Start of Exercise input
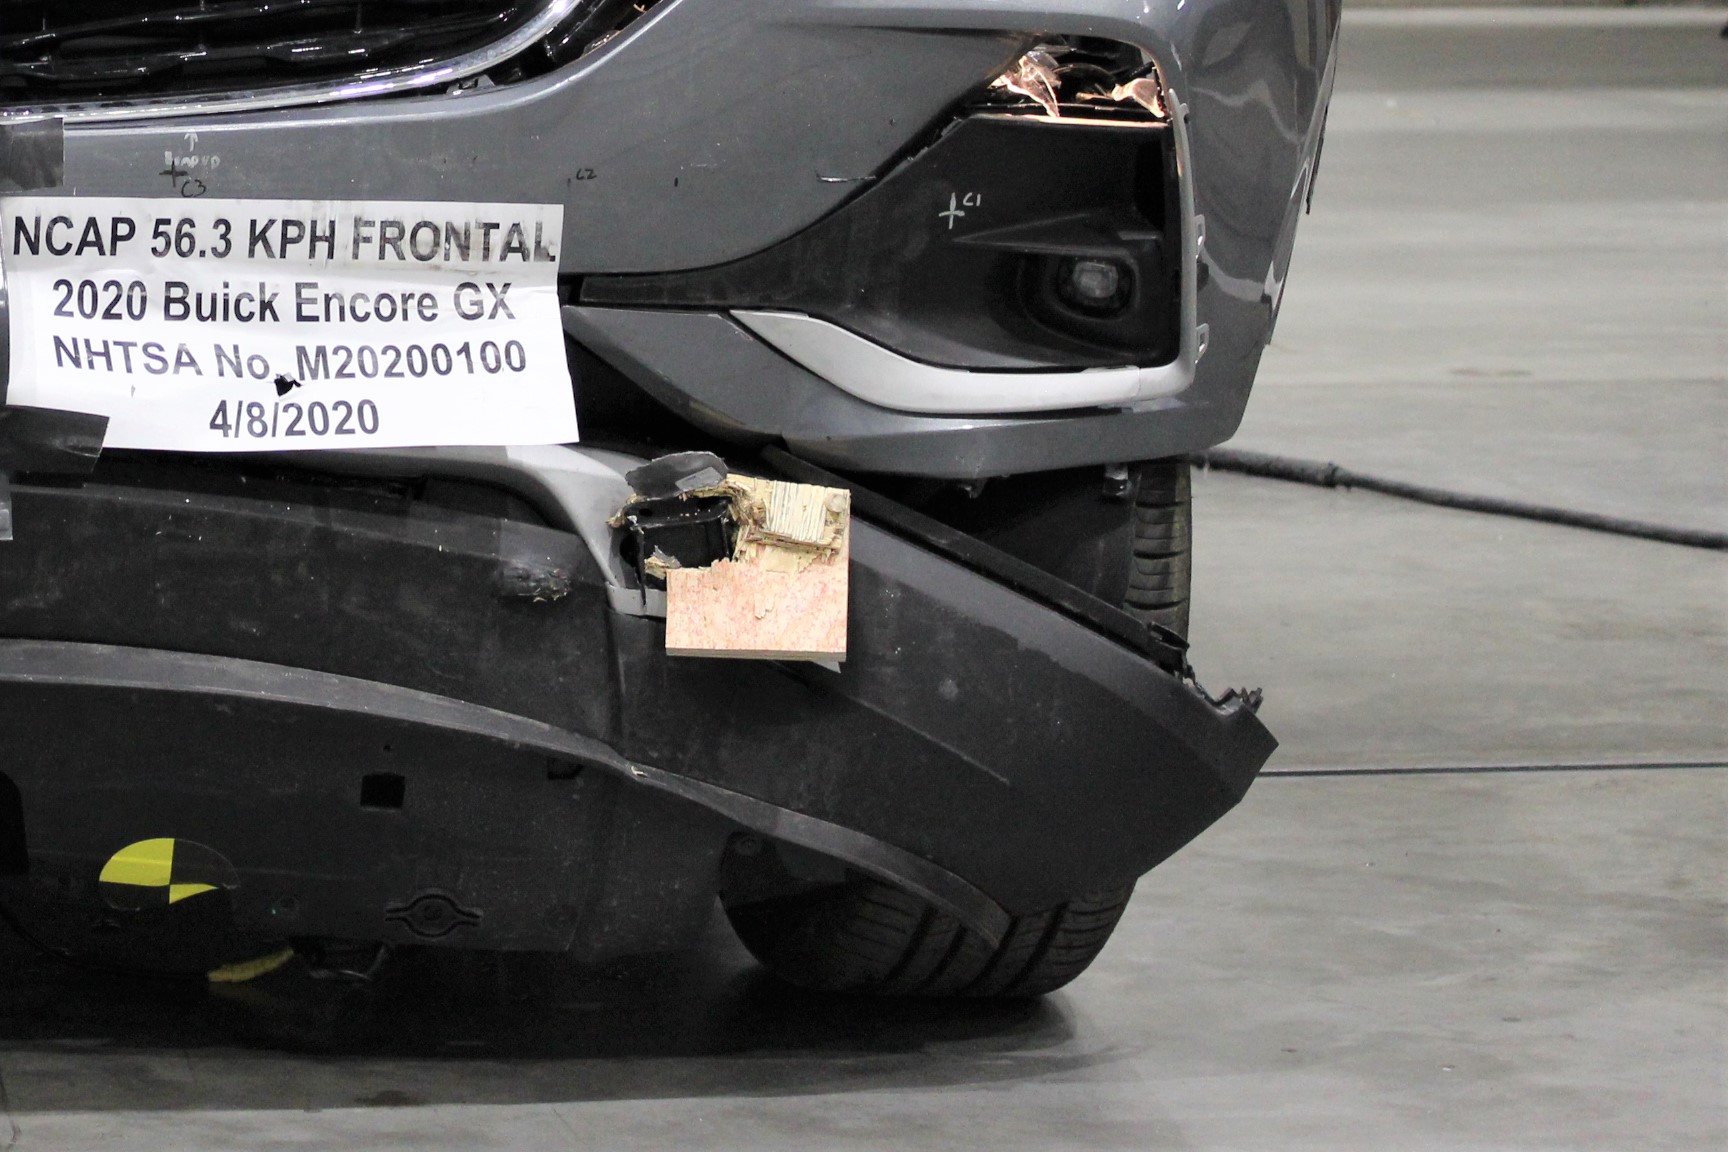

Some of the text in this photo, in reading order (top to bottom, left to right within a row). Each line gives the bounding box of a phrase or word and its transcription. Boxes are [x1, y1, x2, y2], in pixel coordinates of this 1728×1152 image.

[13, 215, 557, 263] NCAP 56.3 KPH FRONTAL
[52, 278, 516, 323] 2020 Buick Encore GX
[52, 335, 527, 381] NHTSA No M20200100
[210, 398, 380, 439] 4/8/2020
End of Exercise input
Start of Exercise input
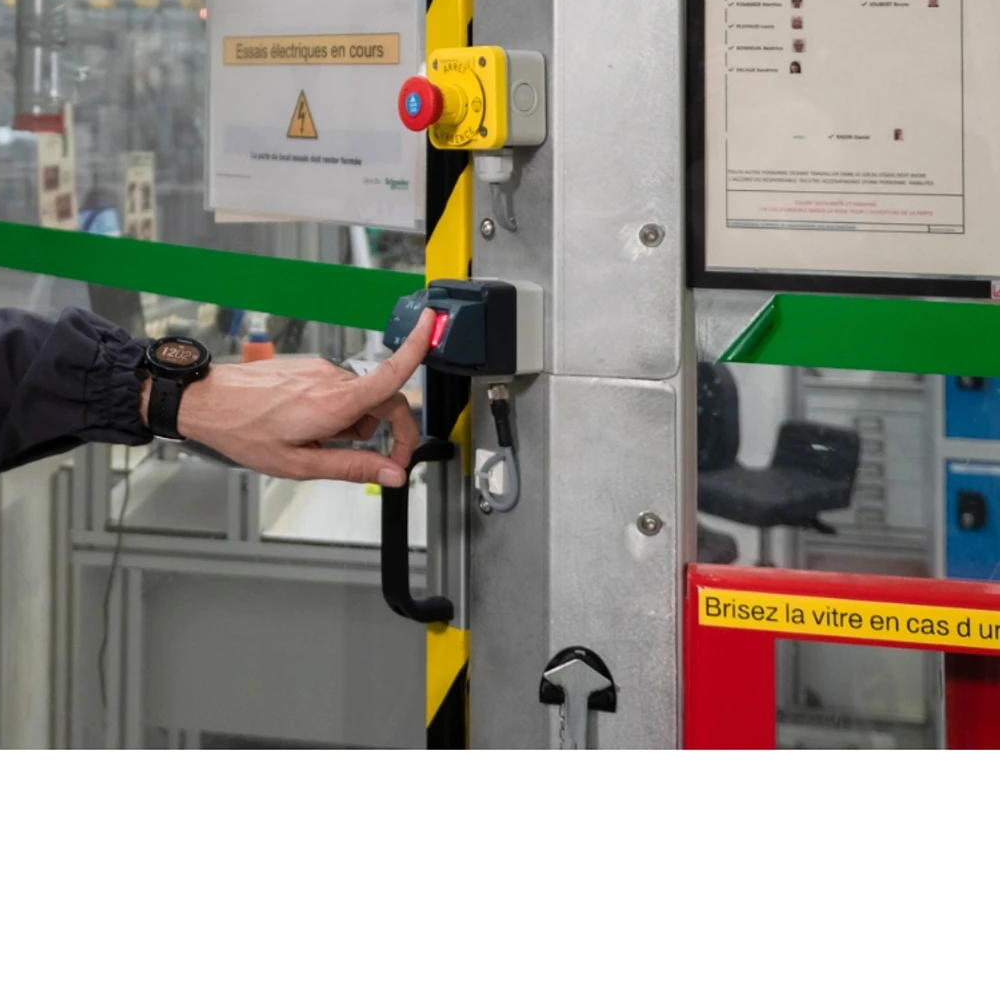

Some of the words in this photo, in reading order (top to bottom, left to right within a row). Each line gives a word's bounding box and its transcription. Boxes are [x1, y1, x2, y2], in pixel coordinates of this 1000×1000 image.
End of Exercise input
Start of Exercise input
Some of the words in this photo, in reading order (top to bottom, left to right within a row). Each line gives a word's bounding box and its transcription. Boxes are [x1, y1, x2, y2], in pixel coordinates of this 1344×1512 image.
End of Exercise input
Activity> Which lines of the listing include the string "words"? Pull them out.

Result for this exercise>
Some of the words in this photo, in reading order (top to bottom, left to right within a row). Each line gives a word's bounding box and its transcription. Boxes are [x1, y1, x2, y2], in pixel coordinates of this 1000×1000 image.
Some of the words in this photo, in reading order (top to bottom, left to right within a row). Each line gives a word's bounding box and its transcription. Boxes are [x1, y1, x2, y2], in pixel coordinates of this 1344×1512 image.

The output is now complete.